This is the work of God that you believe in him whom He sent (John 6; 24 – 35)
“What is life for? “questioned Leo Tolstoy that famous Russian writer of the last century, “To die? To kill myself at once? No , I am afraid. To wait for death till it comes? I fear that even more. Then I must live. But what for? In order to die/ And I could not escape from that circle.”
“Why was I ever born?” Job asked in the midst of his excruciating suffering. Job was discovering, as many of us do in this vale of tears that the most atrocious and destructive type of suffering is that which the victim realizes no meaning or purpose to his or her suffering.
The primary purpose of our Lord’s sojourn on this planet was to point out life’s meaning , to reveal order and purpose in life’s activity, and to direct men and women inextricably entangled in nets of their making back to the orbit and destiny for which they were created – the eternal purpose of God. He first had to break through the thick crust of materialism that numbs most of God’s creatures to eternal and infinite values. “ Do not labor for the food which perishes,” He exhorts. He is not condoning lethargy and indolence, but is rebuking the excessive attention we place on labour designed to fill one’s belly and increase one’s wealth of possessions at the sacrifice of spiritual and eternal values.

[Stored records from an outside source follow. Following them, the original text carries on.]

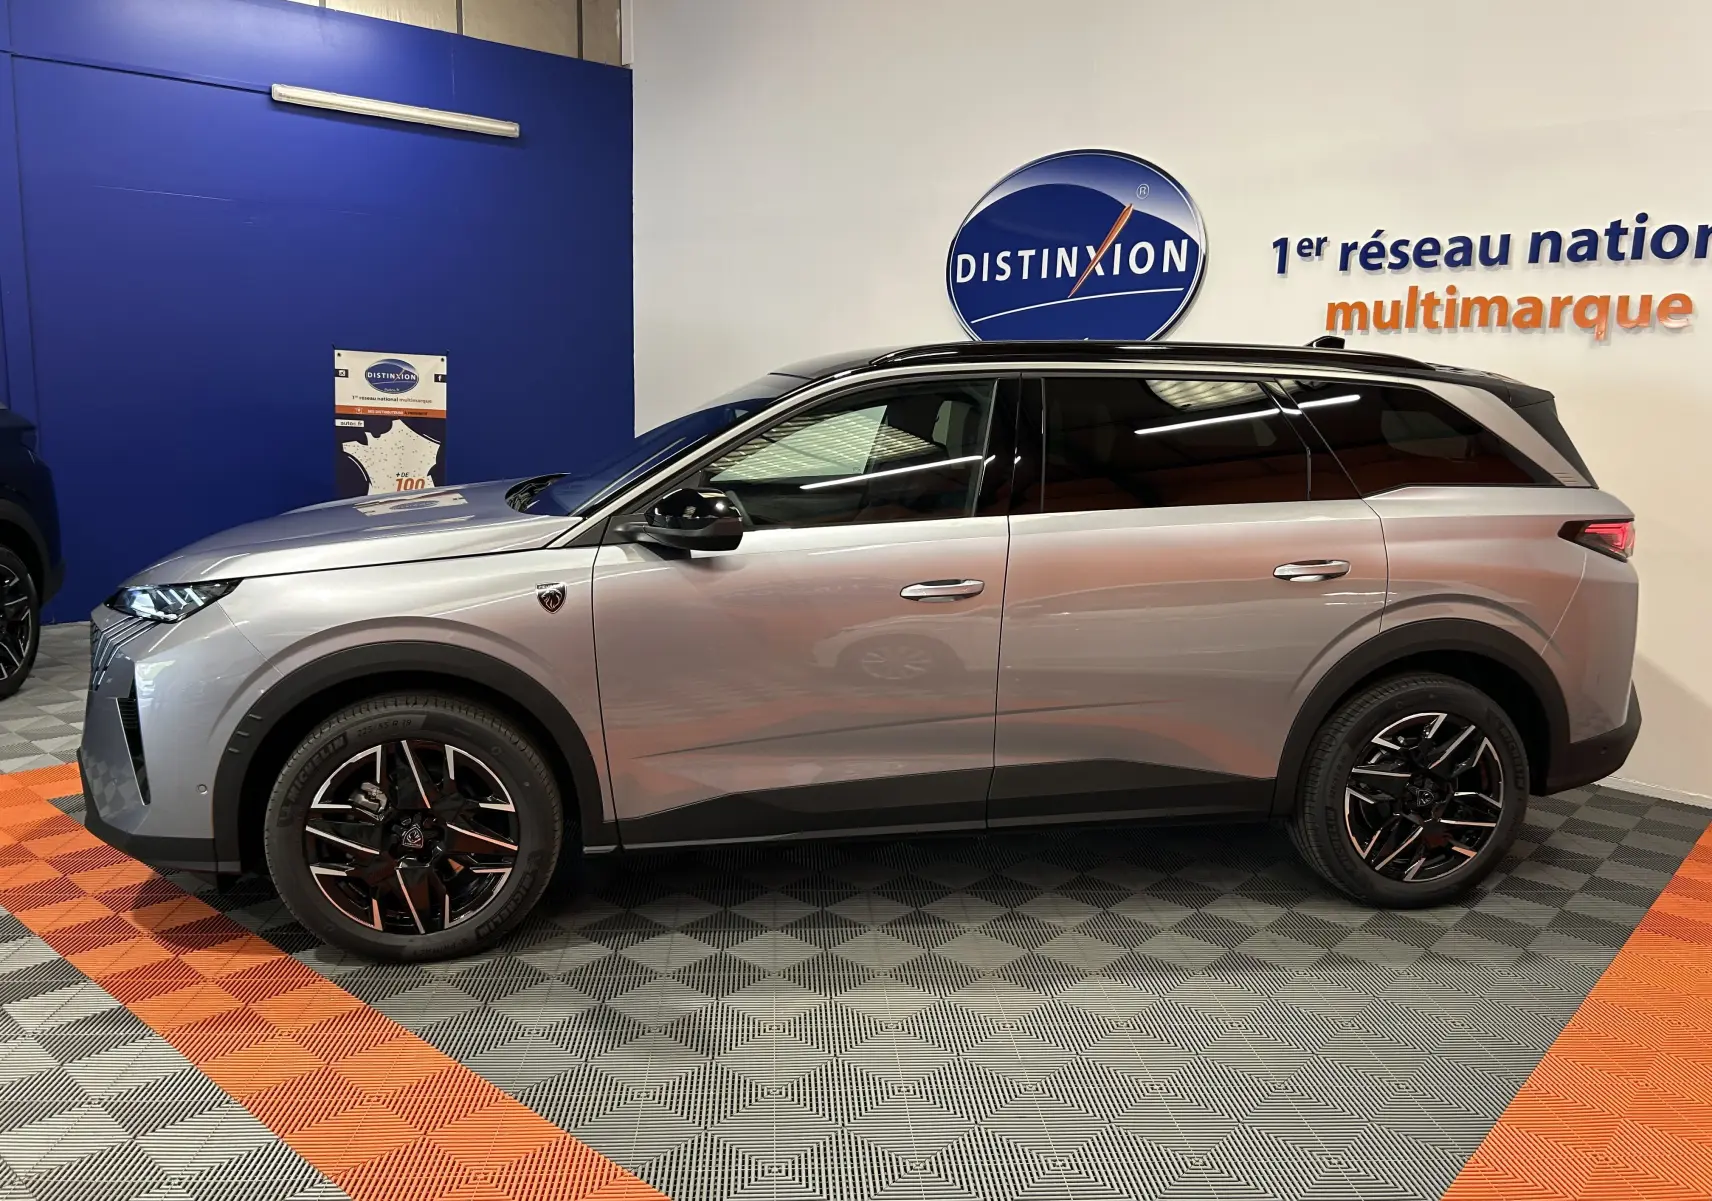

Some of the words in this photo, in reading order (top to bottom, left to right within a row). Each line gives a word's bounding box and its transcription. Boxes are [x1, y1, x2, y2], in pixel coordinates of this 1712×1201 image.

[956, 238, 1189, 283] DISTINXION
[1338, 229, 1511, 272] réseau
[1325, 285, 1693, 341] multimarque
[367, 371, 416, 381] DISTINXION
[395, 478, 425, 492] 100
[286, 734, 346, 804] MICHELIN

“Do not place the focus of your life or set your ultimate goals upon bread or material worth or anything which may perish within the moment or the hours.” Reach out, instead, “for the food which endures to eternal life, which the Son of man will give to you.” And then Jesus points this up by saying; “This is the work of God that you believe in Him whom He has sent.”
When Jesus becomes the Bread of life for us, we become bread to others about us. This then becomes our purpose in life and gives present, perpetual, eternal meaning to life.
Thank you, Jesus, for granting life to me, and for teaching me how to live again. Amen.